In a large company, yes there may be a big budget behind the marketing efforts. But that large budget also likely has a long chain of people to authorize any action or spending decision. Where as you, the solo entrepreneur, are in control of your personal brand and company’s success with tremendous expediency in comparison to a big company. We also are real people, with relatable experiences and skills, that may be more interesting to an audience than a large company.
Consider celebrities and icons that you follow. You don’t necessarily follow them because of the movies they were in. You follow them because they are a real person, and you enjoy watching or reading about their authentic behavior.

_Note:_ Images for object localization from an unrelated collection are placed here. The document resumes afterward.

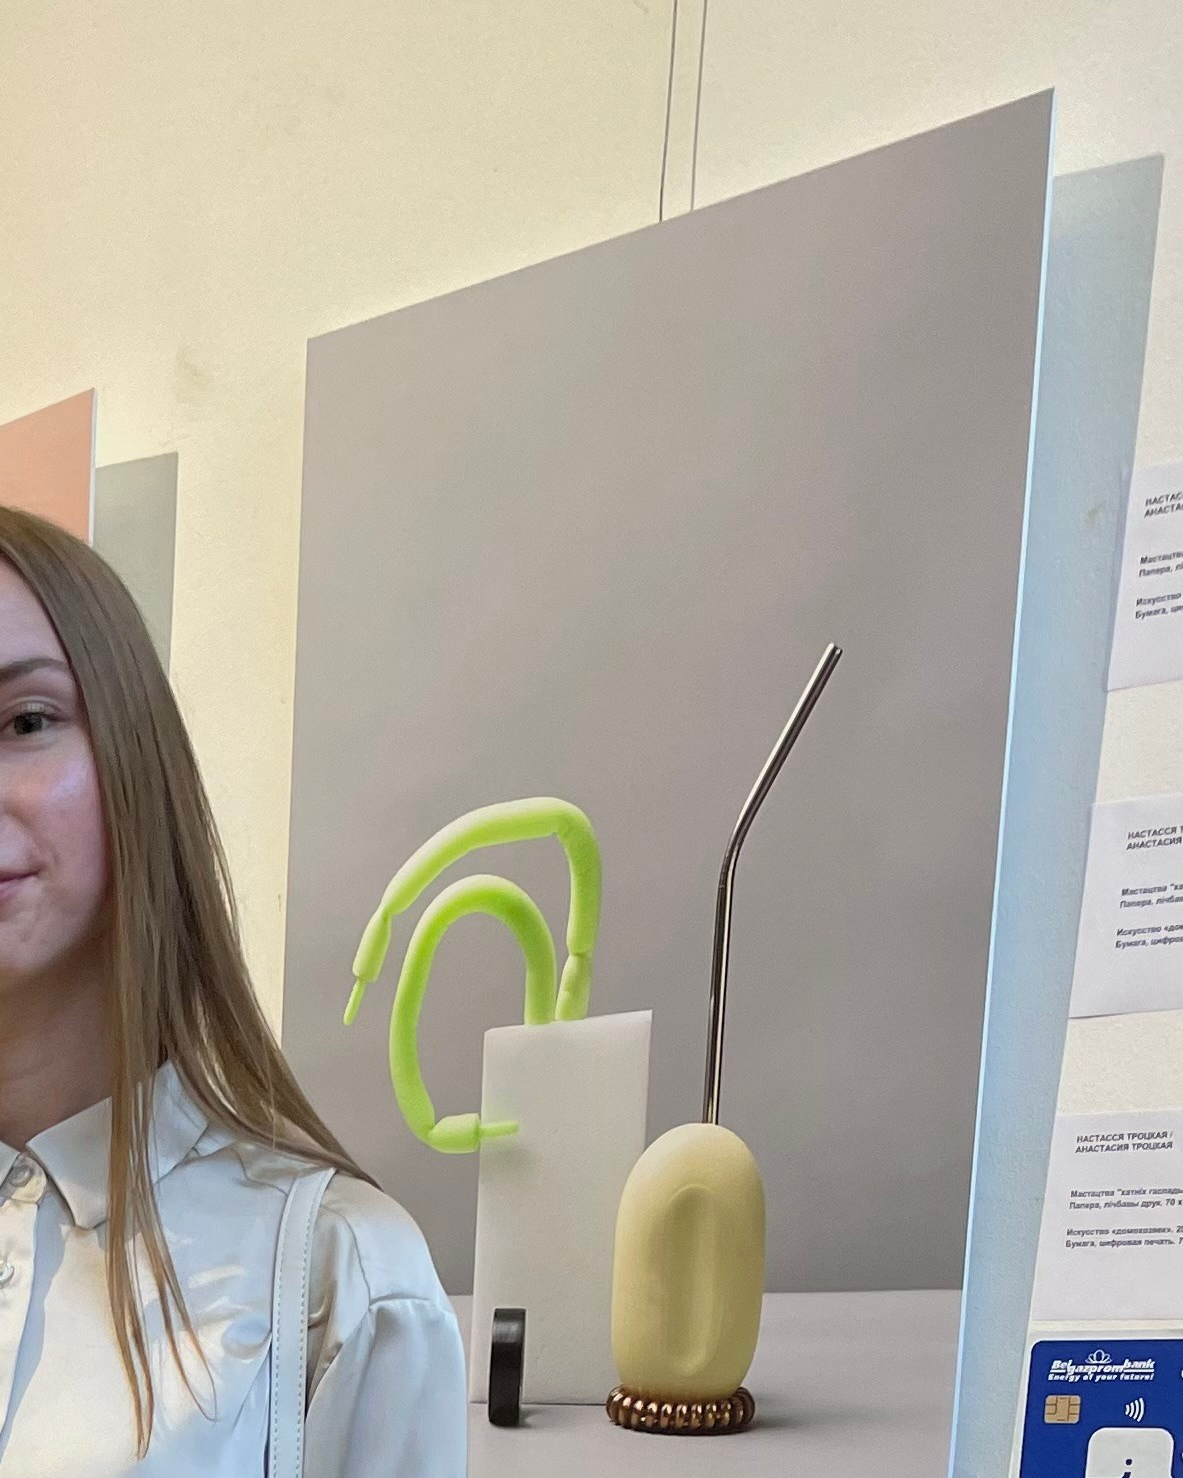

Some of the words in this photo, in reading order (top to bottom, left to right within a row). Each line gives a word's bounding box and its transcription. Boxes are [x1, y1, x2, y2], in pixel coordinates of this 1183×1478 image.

[1127, 826, 1177, 840] НАСТАССЯ
[1126, 836, 1182, 850] АНАСТАСИЯ
[1077, 1133, 1125, 1143] НАСТАССЯ
[1127, 1131, 1168, 1141] ТРОЦКАЯ
[1075, 1143, 1129, 1153] АНАСТАСИЯ
[1132, 1141, 1173, 1151] ТРОЦКАЯ
[1069, 1201, 1101, 1210] Папера,
[1066, 1228, 1109, 1237] Искусство
[1065, 1239, 1096, 1248] Бумага,
[1050, 1358, 1155, 1375] Belgazprombank
[1048, 1373, 1080, 1382] Energy
[1095, 1374, 1117, 1382] your
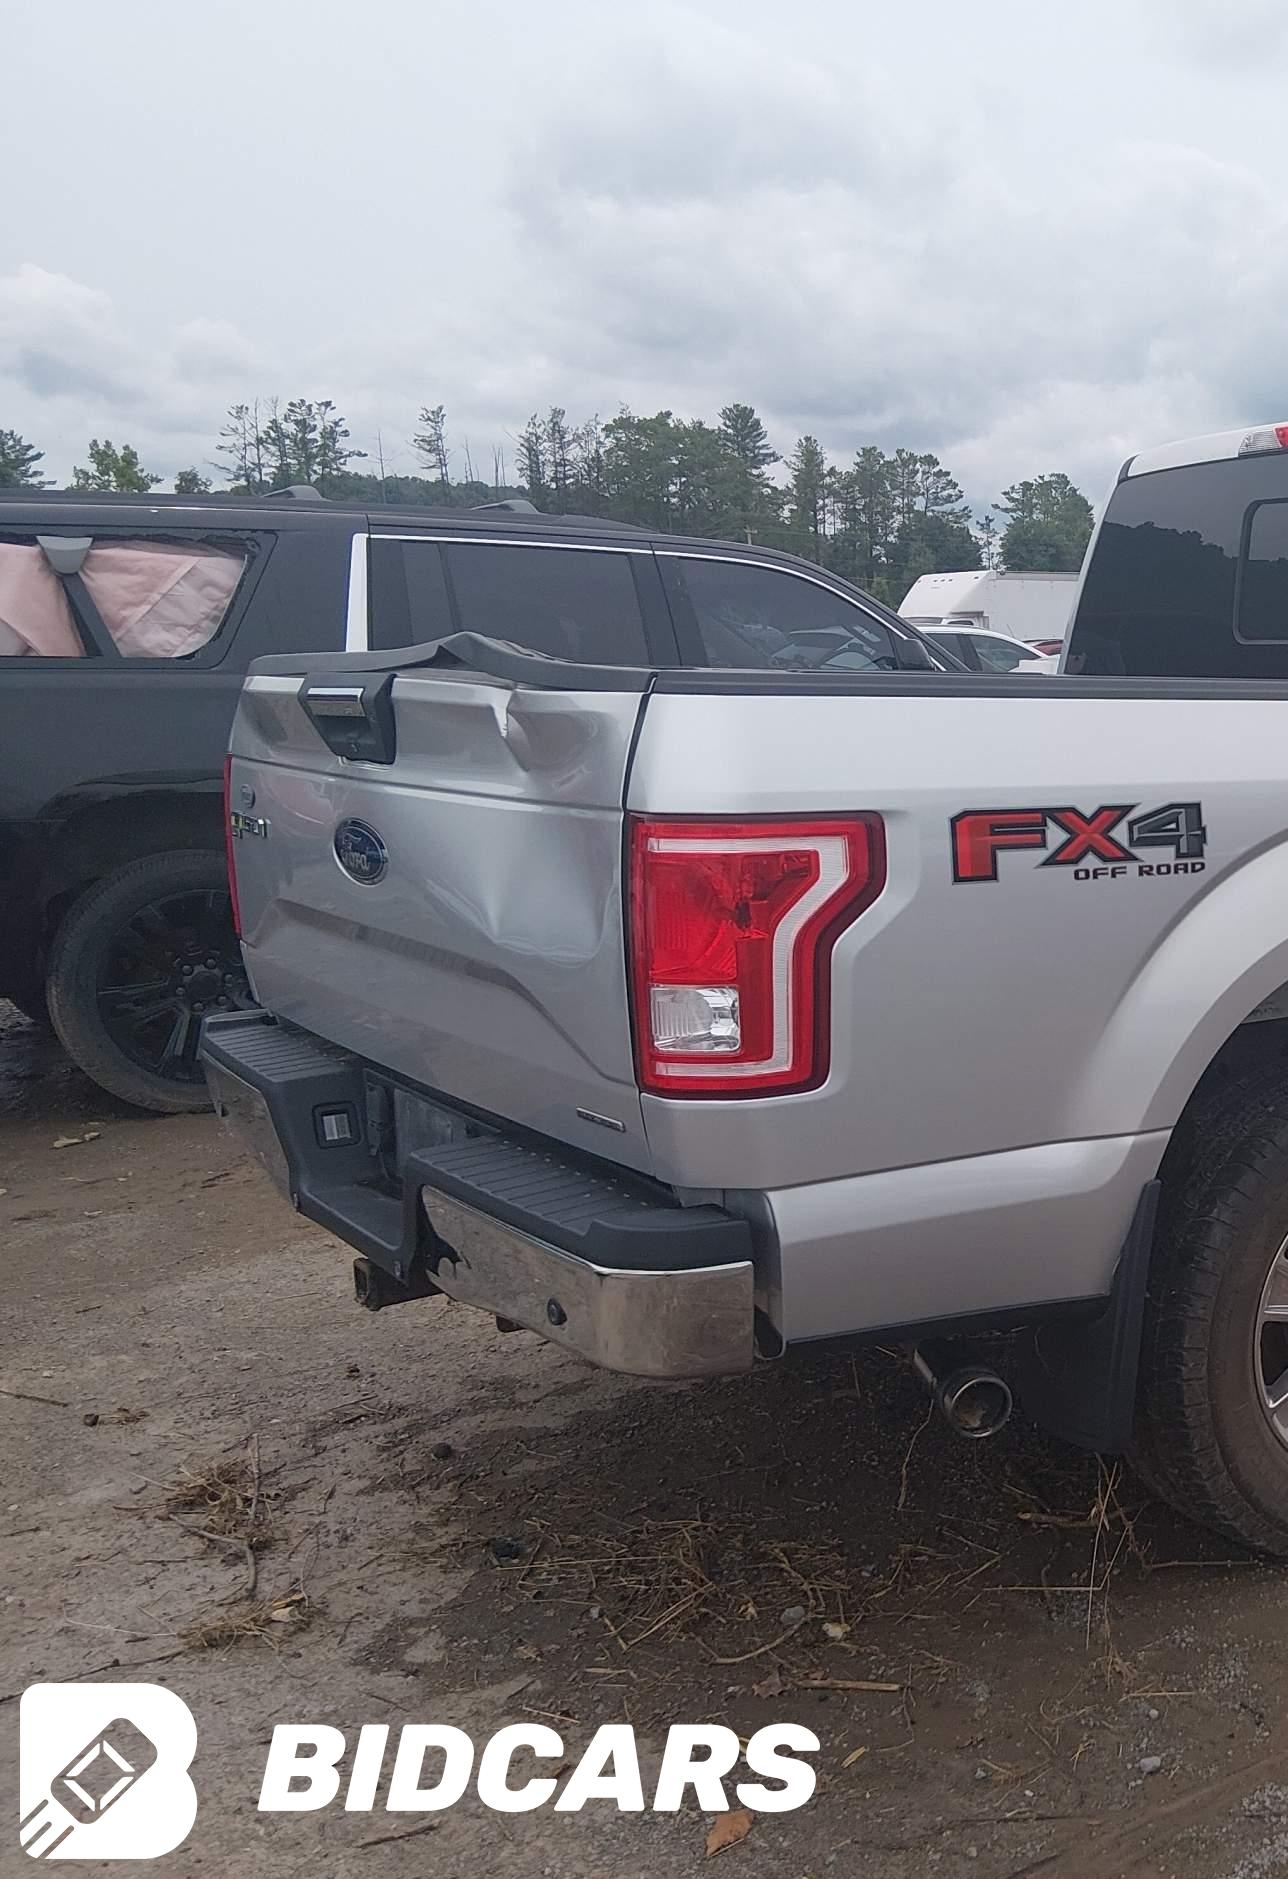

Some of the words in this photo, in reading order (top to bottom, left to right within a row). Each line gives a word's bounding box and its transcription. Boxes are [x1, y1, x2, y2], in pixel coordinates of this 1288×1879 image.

[950, 801, 1207, 883] FX4
[1073, 865, 1128, 881] OFF
[1138, 861, 1206, 878] ROAD

Similarly, if you’re a real person starting a house-rehab company, or an ethical clothing company, the potential audience on social media is likely going to be more engaged in content you’re able to put out into the word because it is relatable.
Let’s take Gym Shark as an example. The big players in their world include companies like Nike and Adidas. Yet Gym Shark is now a multi million pound company because their ‘audience’ was looking to support the little guy, their relatability, and their success story.
So, how do these small companies keep popping up and growing? The ones that continue to grow are backed by a culture, they’re backed by something that somebody can relate to. They have real-life problems, real-life situations and they become very relatable and inspirational to their customers.
The point we’re making is when you are thinking ‘damn I can’t compete with this large big company’, instead, consider the assets you do have. Think about the advantages you have over them. You’re fast, you’re quick, you can shoot a video within two minutes. You are the spokesperson for your company and within two minutes you can get the message out there to the world, and you can start to get eyeballs on you and your business and your product. That level of speed does not exist in a large company.
What are your goals for your company? How can building your personal brand help you get there?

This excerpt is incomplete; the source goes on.